● **Required action**: Please repeat every entry exactly as written, but skip the pictures.
[Provided entries Boundary: Start]
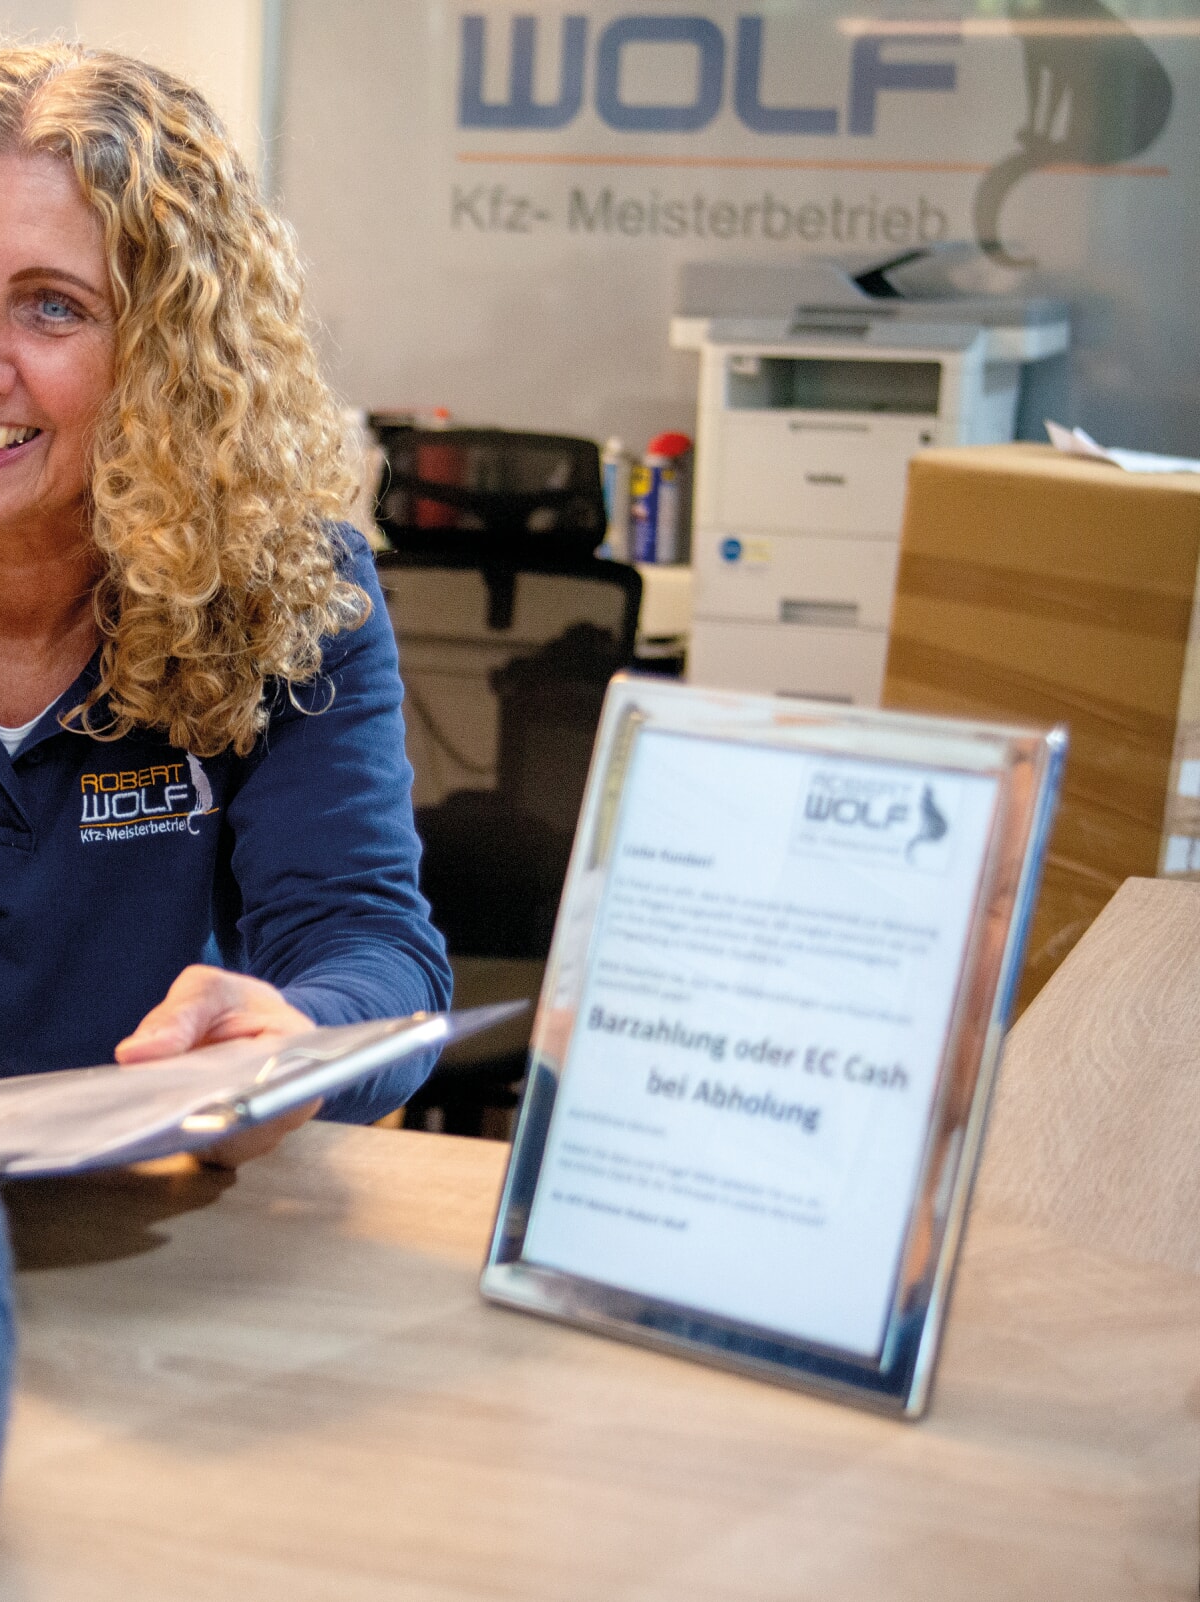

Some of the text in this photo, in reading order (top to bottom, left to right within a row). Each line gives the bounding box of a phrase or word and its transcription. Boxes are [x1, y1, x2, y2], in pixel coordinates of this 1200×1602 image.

[458, 16, 962, 136] WOLF
[449, 183, 950, 243] Kfz- Meisterbetrieb
[80, 763, 184, 794] ROBERT
[80, 784, 188, 823] WOLF
[804, 793, 909, 829] WOLF
[588, 1004, 910, 1092] Barzahlung oder EC Cash
[646, 1067, 687, 1098] bei
[691, 1080, 820, 1135] Abholung
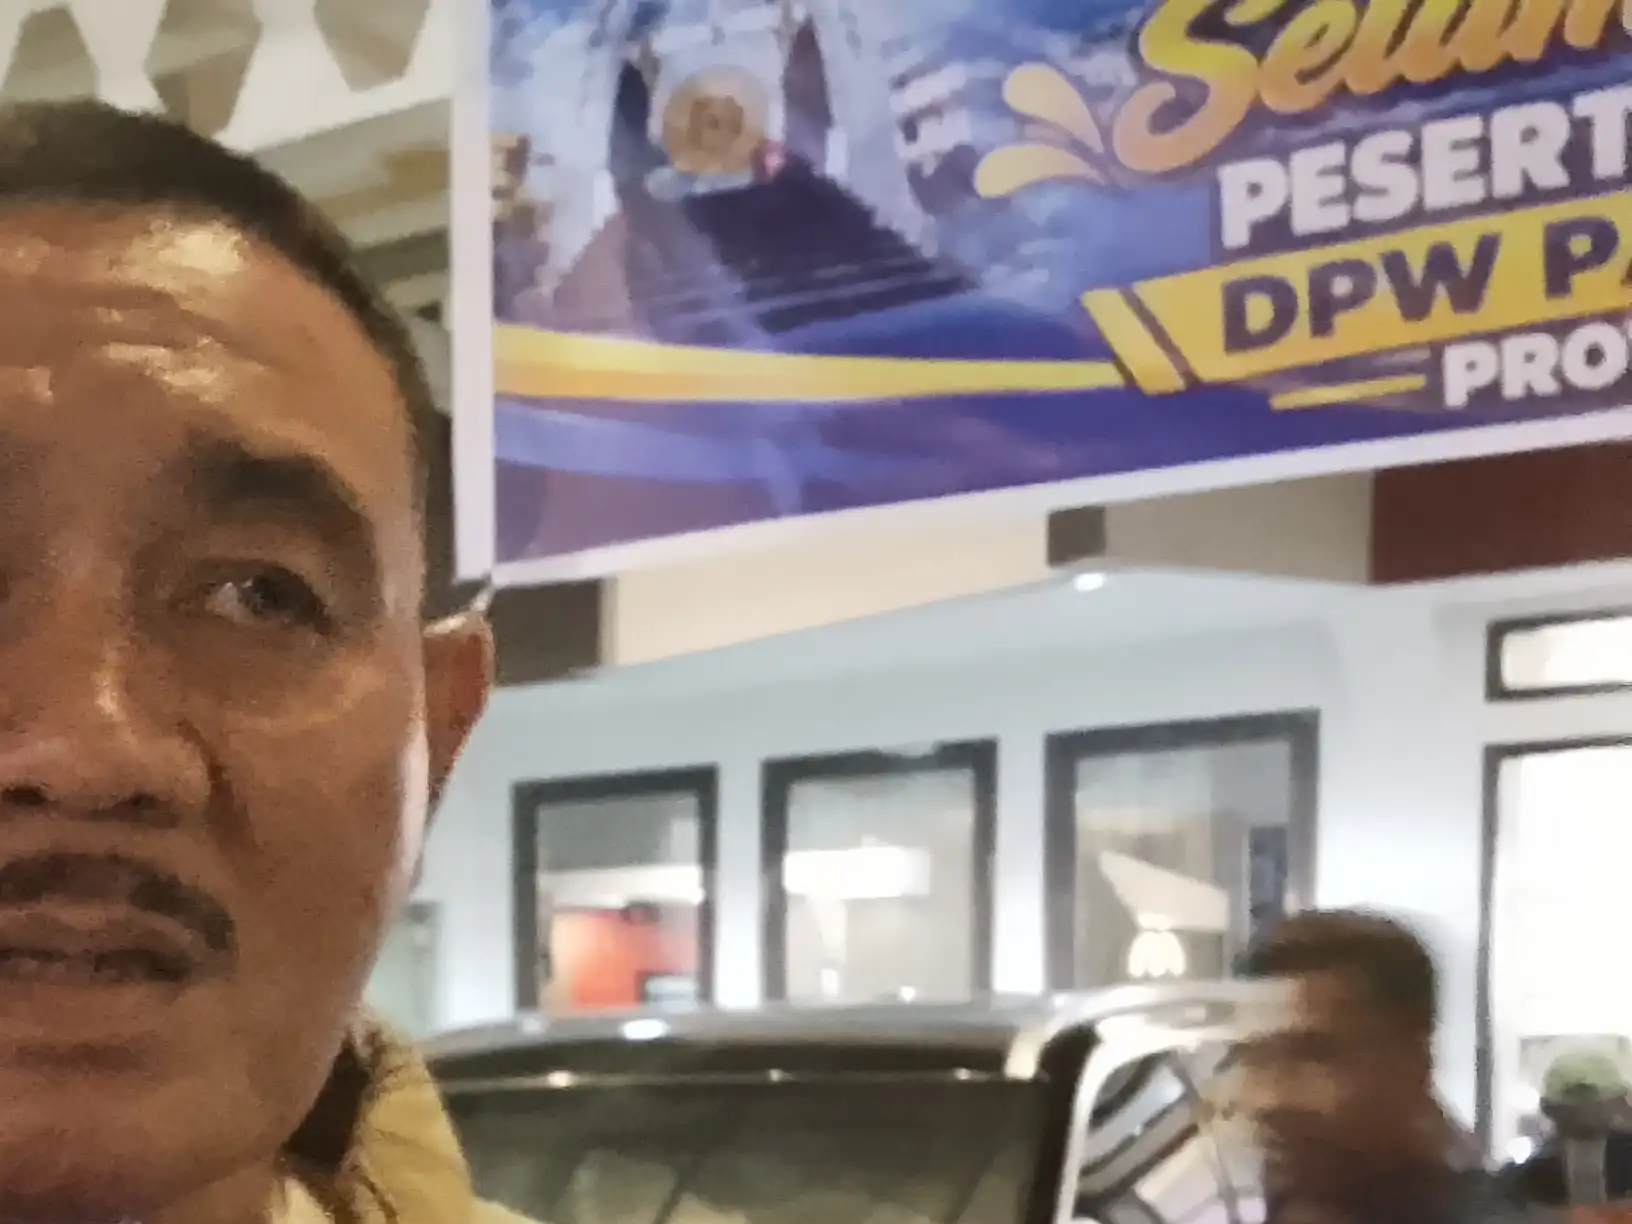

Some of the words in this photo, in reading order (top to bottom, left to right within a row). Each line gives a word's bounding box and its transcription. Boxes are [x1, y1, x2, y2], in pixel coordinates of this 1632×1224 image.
[Provided entries Boundary: End]
● **Result of the exercise**:
Some of the text in this photo, in reading order (top to bottom, left to right within a row). Each line gives the bounding box of a phrase or word and its transcription. Boxes are [x1, y1, x2, y2], in pixel coordinates of this 1200×1602 image.

[458, 16, 962, 136] WOLF
[449, 183, 950, 243] Kfz- Meisterbetrieb
[80, 763, 184, 794] ROBERT
[80, 784, 188, 823] WOLF
[804, 793, 909, 829] WOLF
[588, 1004, 910, 1092] Barzahlung oder EC Cash
[646, 1067, 687, 1098] bei
[691, 1080, 820, 1135] Abholung

Some of the words in this photo, in reading order (top to bottom, left to right within a row). Each line gives a word's bounding box and its transcription. Boxes are [x1, y1, x2, y2], in pixel coordinates of this 1632×1224 image.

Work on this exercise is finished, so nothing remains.